Dr. Khalid ash-Shaykhli, an official at Iraq’s health ministry, said that
the U.S. military used internationally banned weapons during its deadly offensive
in the city of Fallujah.
Dr. ash-Shaykhli was assigned by the ministry to assess the health conditions
in Fallujah following the November assault there.
He said that researches, prepared by his medical team, prove that U.S. occupation
forces used internationally prohibited substances, including mustard gas, nerve
gas, and other burning chemicals in their attacks in the war-torn city.
The health official announced his findings at a news conference in the health
ministry building in Baghdad.
The press conference was attended by more than 20 Iraqi and foreign media networks,
including the Iraqi ash-Sharqiyah TV network, the Iraqi as-Sabah newspaper,
the U.S. Washington Post and the Knight-Ridder service.
Dr. ash-Shaykhli started the conference by reporting the current health conditions
of the Fallujah residents. He said that the city is still suffering from the
effects of chemical substances and other types of weapons that cause serious
diseases over the long term.
Asked whether limited nuclear weapons were also used by U.S. forces in Fallujah,
Dr. ash-Shaykhli said; “What I saw during our research in Fallujah leads
me to me believe everything that has been said about that battle.

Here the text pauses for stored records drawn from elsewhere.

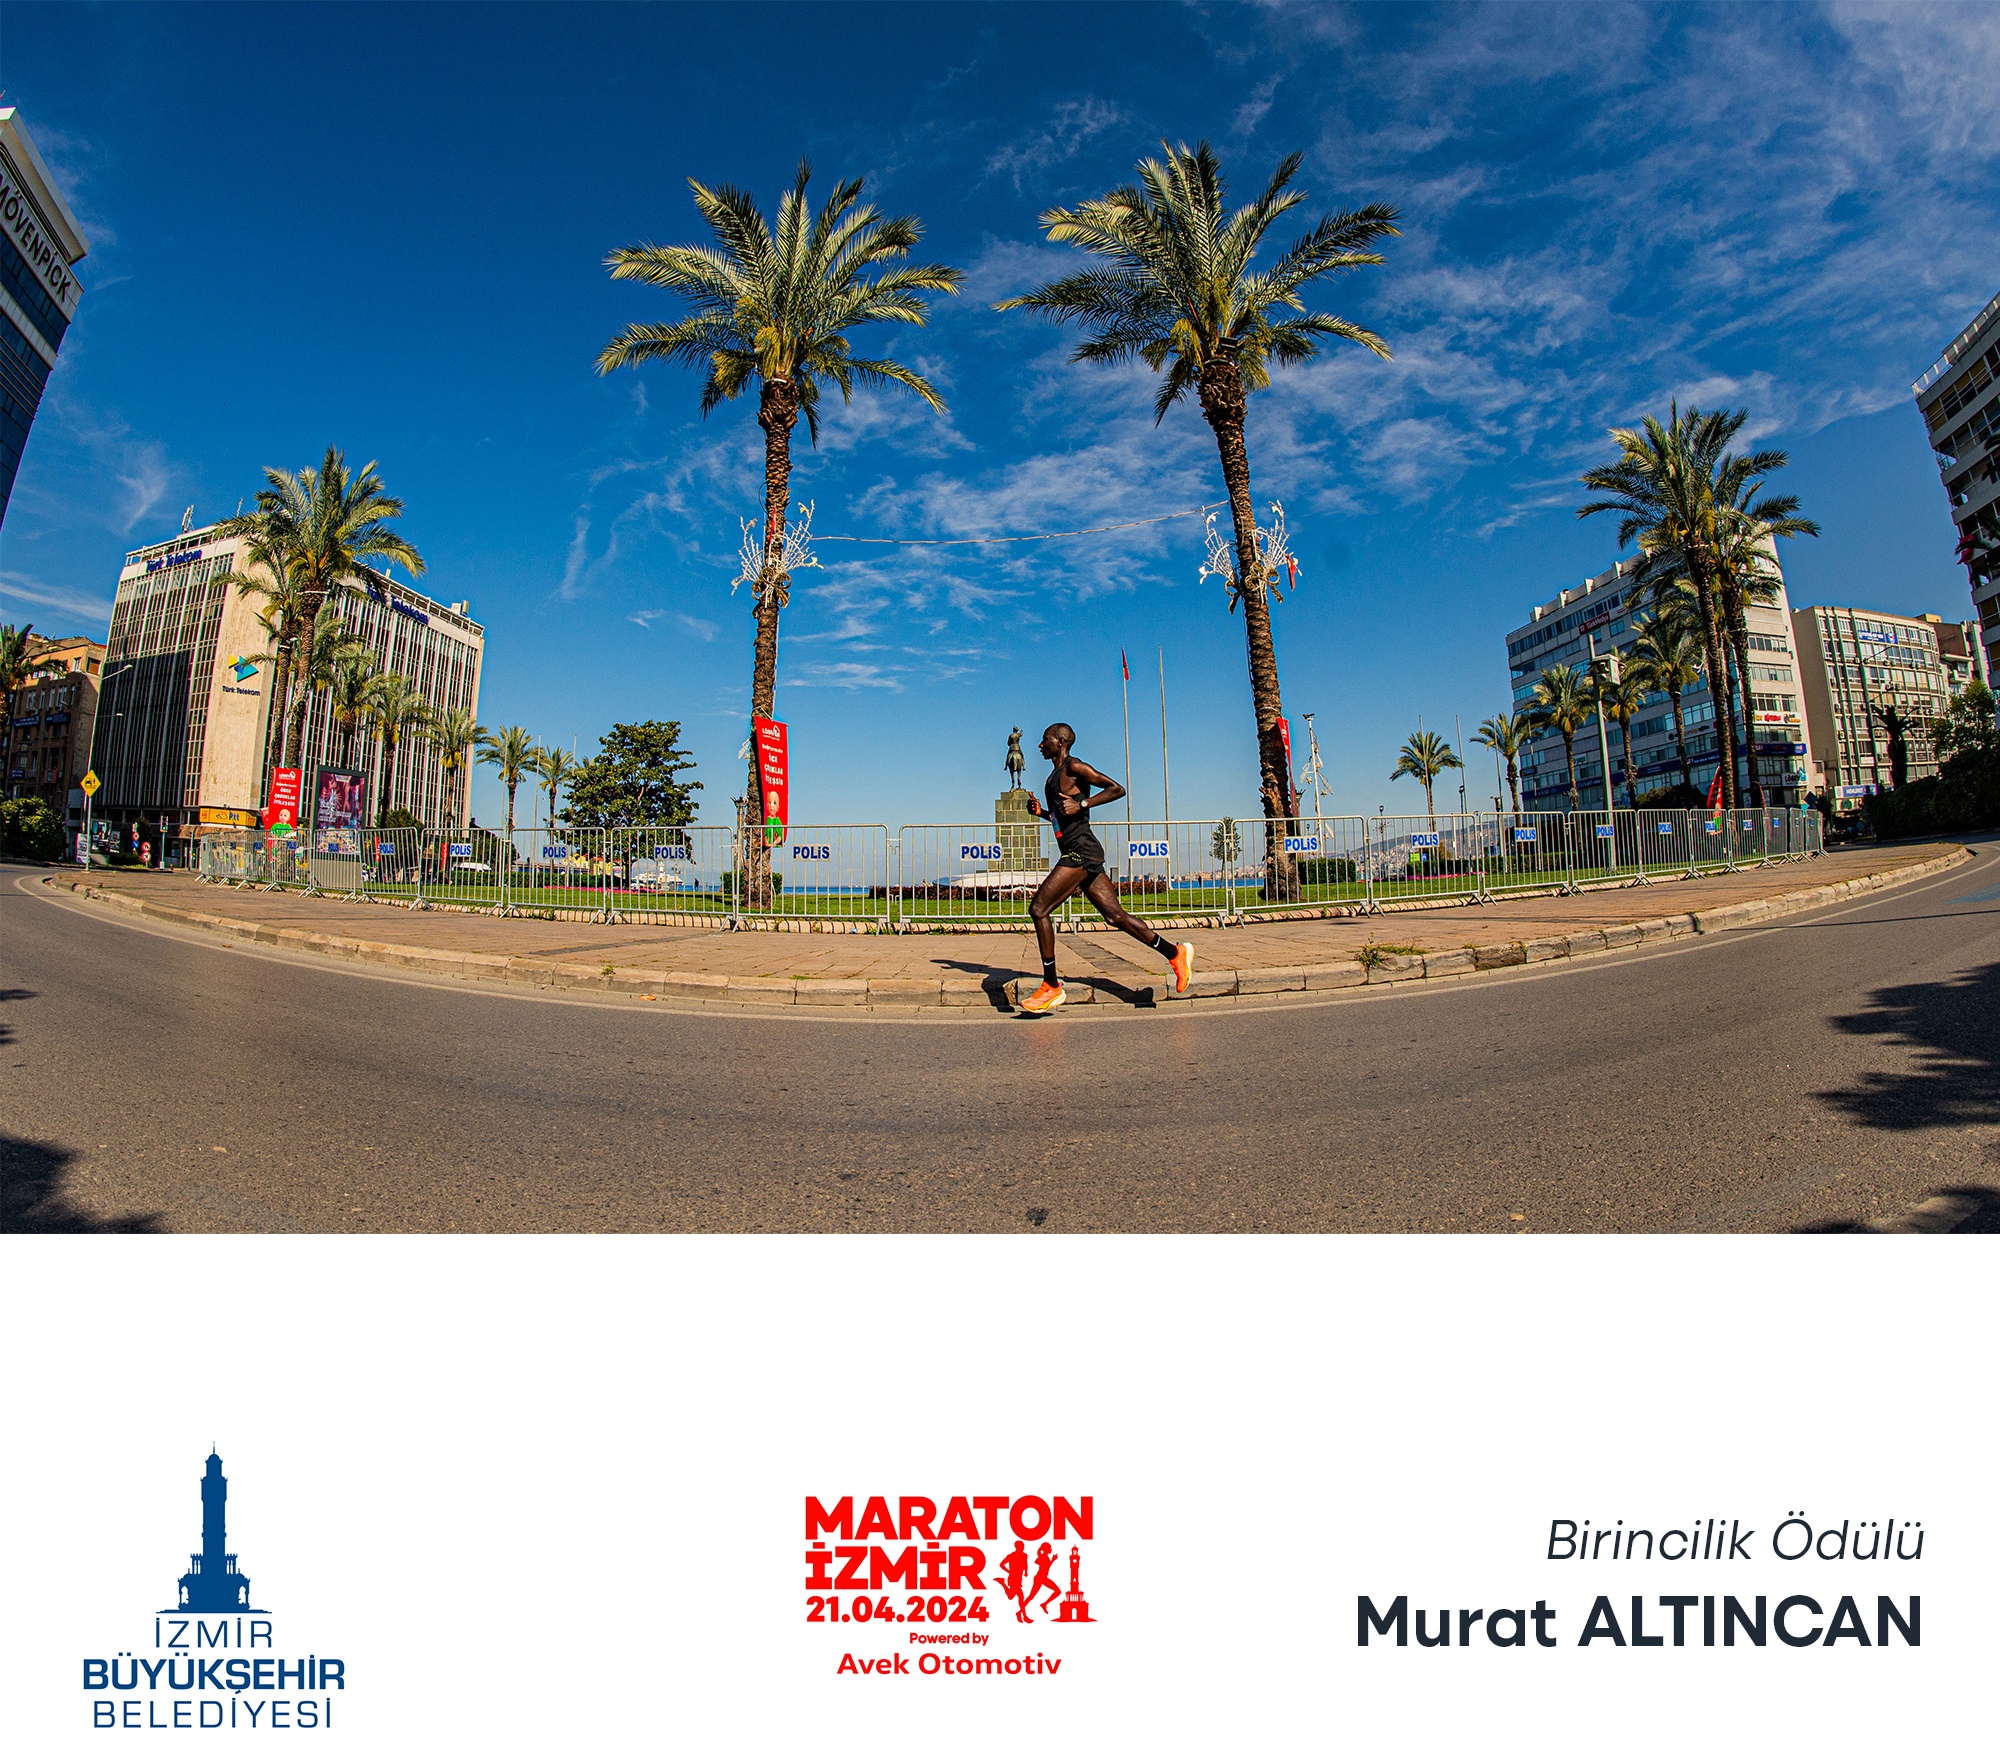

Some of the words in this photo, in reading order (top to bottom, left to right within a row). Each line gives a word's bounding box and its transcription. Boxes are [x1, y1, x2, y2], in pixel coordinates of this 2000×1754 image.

[145, 557, 164, 573] Türk
[165, 549, 202, 567] Telekom
[391, 594, 428, 625] Telekom
[222, 685, 235, 693] Türk
[236, 687, 261, 696] Telekom

“I absolutely do not exclude their use of nuclear and chemical substances,
since all forms of nature were wiped out in that city. I can even say that we
found dozens, if not hundreds, of stray dogs, cats, and birds that had perished
as a result of those gasses.”
Dr. ash-Shaykhli promised to send the findings of the researches to responsible
bodies inside Iraq and abroad.
Fallujah residents said napalm gas was used
During the U.S. offensive, Fallujah residents reported that they saw “melted”

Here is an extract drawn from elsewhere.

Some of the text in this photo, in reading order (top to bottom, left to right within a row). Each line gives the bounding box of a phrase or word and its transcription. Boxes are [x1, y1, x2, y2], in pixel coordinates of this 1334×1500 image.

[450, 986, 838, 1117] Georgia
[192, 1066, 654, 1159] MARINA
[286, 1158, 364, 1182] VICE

bodies in the city, which suggests that U.S. forces used napalm gas, a poisonous
cocktail of polystyrene and jet fuel that makes the human body melt.
In November, Labour MPs in the UK demanded Prime Minister Tony Blair to confront
the Commons over the use of napalm gas in Fallujah.
Furious critics have also demanded that Blair threatens the U.S. to pullout
British forces from Iraq unless the U.S. stops using the world’s deadliest
The United Nations banned the use of the napalm gas against civilians in 1980
after pictures of a naked wounded girl in Vietnam shocked the world.
The United States, which didn't endorse the convention, is the only nation
in the world still using the deadly weapon.